Sensibilidade essa desenvolvida desde o início da formação profissional do jornalista que deve voltar seus esforços para a interpretação das relações que compõem o espectro global. É imprescindível ler e saber sobre cultura e artes, mas é também necessário atentar para diferentes formas de expressão, de manifestação, para diversos campos do conhecimento. Somente assim o jornalista cultural conseguirá compor uma bagagem mental e uma consciência crítica apta a entrar verdadeiramente em contato com a cultura e suas produções e relacioná-la com o todo.

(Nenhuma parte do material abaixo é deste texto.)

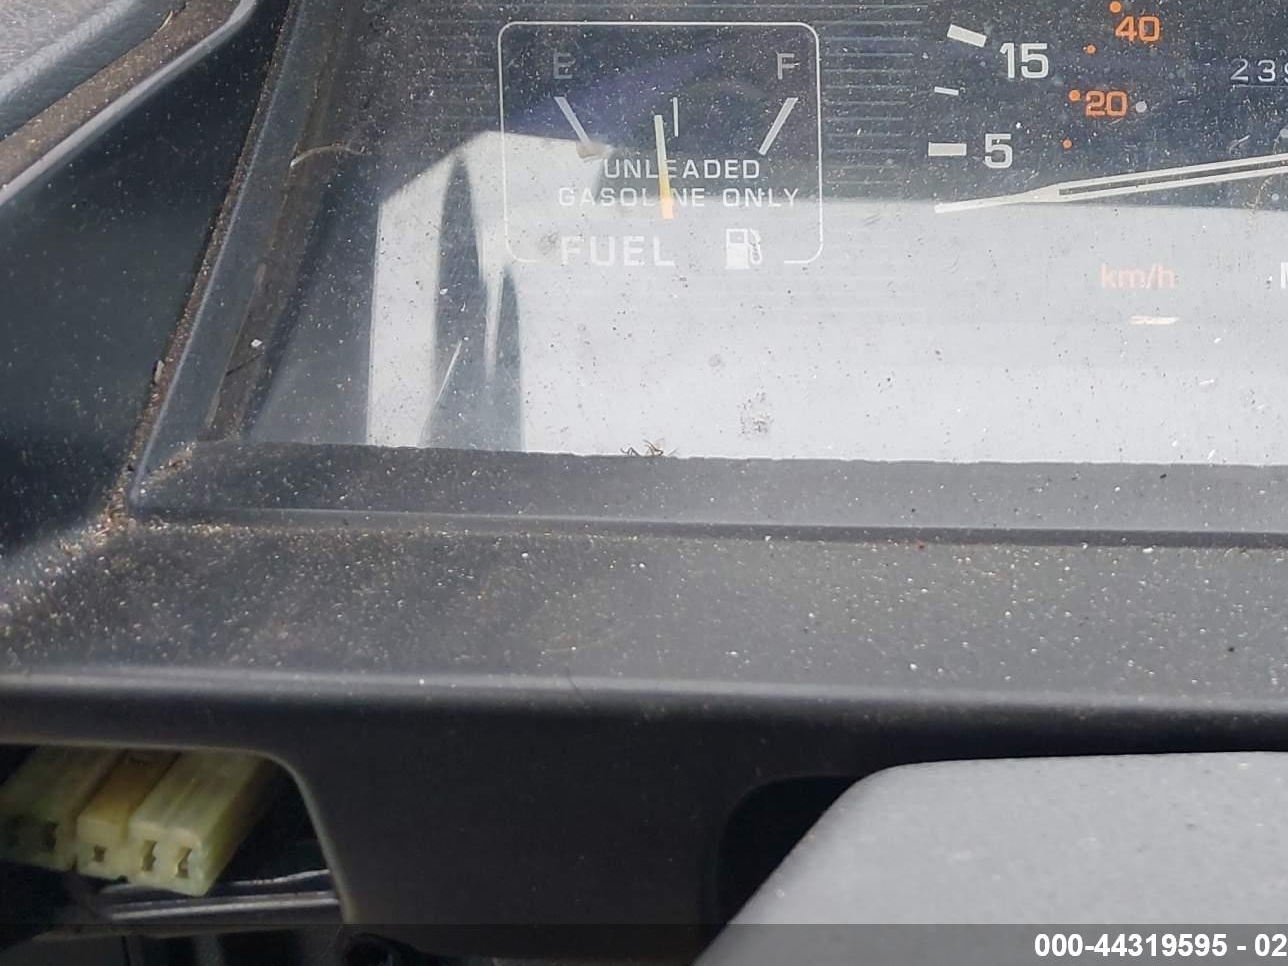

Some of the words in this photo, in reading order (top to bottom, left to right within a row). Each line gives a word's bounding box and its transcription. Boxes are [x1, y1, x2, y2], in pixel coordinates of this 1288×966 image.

Afinal, como salienta a professora Isabelle Anchieta (in AZZOLINO, 2009), a prática, além de informativa é poética, quando consegue atingir a integralidade das pessoas, que buscam na atividade um conhecimento reflexivo, sensível. Porque, de acordo com o sociólogo francês Pierre Bourdieu (1930-2002), a relação do ser humano com arte baseia-se, também, em amor. Um amor fixado no objeto que recorre ao jornalismo cultural em busca de razões que justifiquem o sentimento. Ele salienta:

É por isso que a análise científica, quando capaz de trazer à luz o que torna a obra de arte necessária, ou seja, a fórmula formadora, o princípio gerador, a razão de ser, fornece à experiência artística, e ao prazer que a acompanha, sua melhor justificação, seu mais rico alimento. Através dela, o amor sensível pela obra pode realizar-se em uma espécie de amor intellectualis rei, assimilação do objeto ao sujeito e imersão do sujeito no objeto (1996, p.15, grifo do autor).

É justamente nessa relação construída entre jornalista cultural, artista e público que se faz necessário sair da esfera do eu ideológico para perceber, com afeto, os outros. O jornalista, como leitor cultural, deve estabelecer um diálogo, narrar com prazer as trocas culturais, considerando aspectos osmóticos – perpassados em comutações sociais – e não somente reproduzindo significados lídertípicos – estabelecidos pelas estruturas de poder. Por meio disso, a intuição criativa e autoral se eleva e o jornalista adquire consciência e resistência perante a guerra simbólica, se tornando digno de representar a tensão social da constituição dos significados (MEDINA, 2007).

Por fim, entre a produção artística e cultural, o mercado econômico (e o jornalístico) e o público leitor, são muitos os desafios contemporâneos que os profissionais da área de

jornalismo cultural precisam enfrentar. O inegável é que a profissão é extremamente relevante, exige esforço, dedicação, leitura, sensibilidade e paixão – e assim como os próprios artistas, os jornalistas culturais devem viver de maneira profunda a sua arte, mantendo a tradição crítica e reflexiva sem excluir as novas perspectivas e os novos caminhos do segmento no mundo contemporâneo.